Note: Several factors militated against the plaintiff’s position on the standard of review according to the Court, including:

  1. Although Wakkinen’s medical records mentioned fibromyalgia and chronic fatigue syndrome, his application for benefits was only supported by a single attending physician’s statement from Dr. Bebchuk attributing his disability to “major depressive disorder recurrent in partial remission.”
  2. None of his treating physicians opined until well after the elimination period had ended that another condition was disabling. Dr. Brutlag wrote a one-sentence note which Wakkinen provided to UNUM on October 9, 2002
  3. Wakkinen advanced no evidence that calls into question the expertise of Dr. Jacobsen personally or of a doctor who specializes in occupational medicine to offer an opinion on the condition of fibromyalgia.
  4. Unum consistently took the position that Wakkinen’s fibromyalgia was not sufficiently severe during his 180-day elimination period to render him disabled from performing his occupation, and Wakkinen’s own doctors provided no opinion to the contrary.

The Unum File – The prior history noted by the Supreme Court was described as follows:

The procedures he [Wakkinen] refers to are those that were subject to a multistate examination of the claims handling practices of UNUM Life and other subsidiaries of UNUM Provident. These practices are the subject of the law review article quoted by the Supreme Court in the passage above. In September 2003, the Department of Labor and state regulators began a joint examination of claim files and claim administration and policy manuals from these companies to determine if their disability income claims handling practices reflected systemic unfair claim settlement practices. The examiners found several areas of concern, including excessive reliance upon in-house medical professionals, unfair construction of attending physician or independent medical exam reports, failure to evaluate the totality of the claimant’s medical condition, and inappropriate burdens placed on claimants to justify their eligibility for benefits. The result was a plan of corrective action implemented through a regulatory settlement agreement and consent orders entered into with the states.

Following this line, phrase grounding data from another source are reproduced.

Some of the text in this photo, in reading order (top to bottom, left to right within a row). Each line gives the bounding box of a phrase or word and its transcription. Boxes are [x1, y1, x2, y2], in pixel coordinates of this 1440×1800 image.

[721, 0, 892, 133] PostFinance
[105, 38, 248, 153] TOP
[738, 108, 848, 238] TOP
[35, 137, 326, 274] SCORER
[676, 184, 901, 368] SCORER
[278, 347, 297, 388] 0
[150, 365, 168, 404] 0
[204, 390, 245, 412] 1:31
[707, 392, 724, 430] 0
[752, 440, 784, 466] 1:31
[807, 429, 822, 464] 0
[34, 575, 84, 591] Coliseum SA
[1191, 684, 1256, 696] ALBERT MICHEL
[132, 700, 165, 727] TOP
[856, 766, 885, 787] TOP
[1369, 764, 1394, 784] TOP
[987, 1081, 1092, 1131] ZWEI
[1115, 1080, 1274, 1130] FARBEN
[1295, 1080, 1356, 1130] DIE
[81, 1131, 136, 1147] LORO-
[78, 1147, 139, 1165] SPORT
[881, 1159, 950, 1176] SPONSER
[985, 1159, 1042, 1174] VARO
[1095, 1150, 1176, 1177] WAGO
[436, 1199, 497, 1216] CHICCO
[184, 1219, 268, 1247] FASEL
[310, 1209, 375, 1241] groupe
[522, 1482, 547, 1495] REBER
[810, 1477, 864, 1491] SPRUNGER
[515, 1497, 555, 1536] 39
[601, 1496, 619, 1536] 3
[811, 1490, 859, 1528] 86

The Discretionary Clause – Here’s the language from the certificate:

“When making a benefit determination under the policy, UNUM has discretionary authority to determine your eligibility for benefits and to interpret the terms and provisions of the policy.”

According to the Court, an amendment, effective December 1, 2001 (two days before the onset of Wakkinen’s claimed disability), provided:

In exercising its discretionary powers under the Plan, the Plan Administrator, and any designee (which shall include Unum as a claims fiduciary) will have the broadest discretion permissible under ERISA and any other applicable laws, and its decisions will constitute final review of your claim by the Plan. Benefits under this Plan will be paid only if the Plan Administrator or its designee (including Unum), decides in its discretion that the applicant is entitled to them.

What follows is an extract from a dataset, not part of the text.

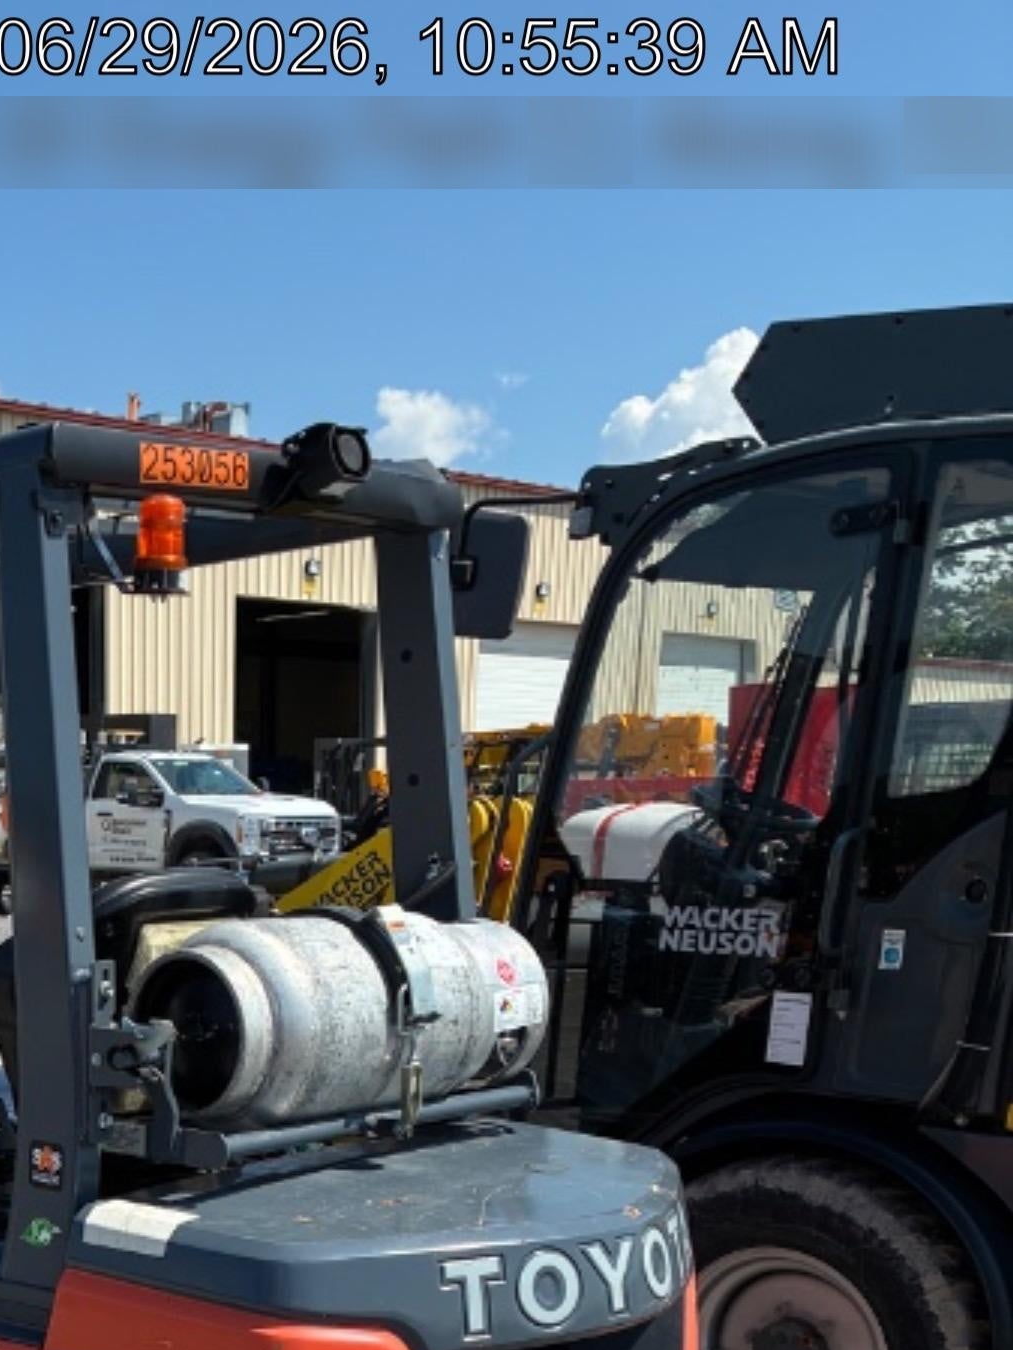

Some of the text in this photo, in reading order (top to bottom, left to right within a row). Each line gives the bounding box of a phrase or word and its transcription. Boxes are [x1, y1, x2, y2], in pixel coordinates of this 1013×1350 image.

[142, 443, 247, 487] 253056
[663, 904, 780, 934] WACKER
[657, 927, 780, 959] NEUSON

Thus, these provisions adequately stated the requisite discretion granted to UNUM under the policy. (The Court cited Walke v. Group Long Term Disability Ins., 256 F.3d 835, 839 (8th Cir. 2001) on this point.)

Applying Woo This is a helpful excerpt that describes the operation of the abuse of discretion standard:

Wakkinen argues that UNUM’s denial of his application for benefits was improper under any standard of review, but he acknowledges the deference that is implicit if the question is whether the plan administrator abused its discretion.

Under that standard, we will not disturb the administrator’s decision if it was reasonable. We measure reasonableness by whether substantial evidence exists to support the decision, meaning “more than a scintilla but less than a preponderance.” Woo v. Deluxe Corp., 144 F.3d 1157, 1162 (8th Cir. 1998). We examine only the evidence that was before the administrator when the decision was made, and we are to determine whether a reasonable person could have — not would have — reached a similar decision. Phillips-Foster v. UNUM Life Ins. Co., 302 F.3d 785, 794 (8th Cir. 2002).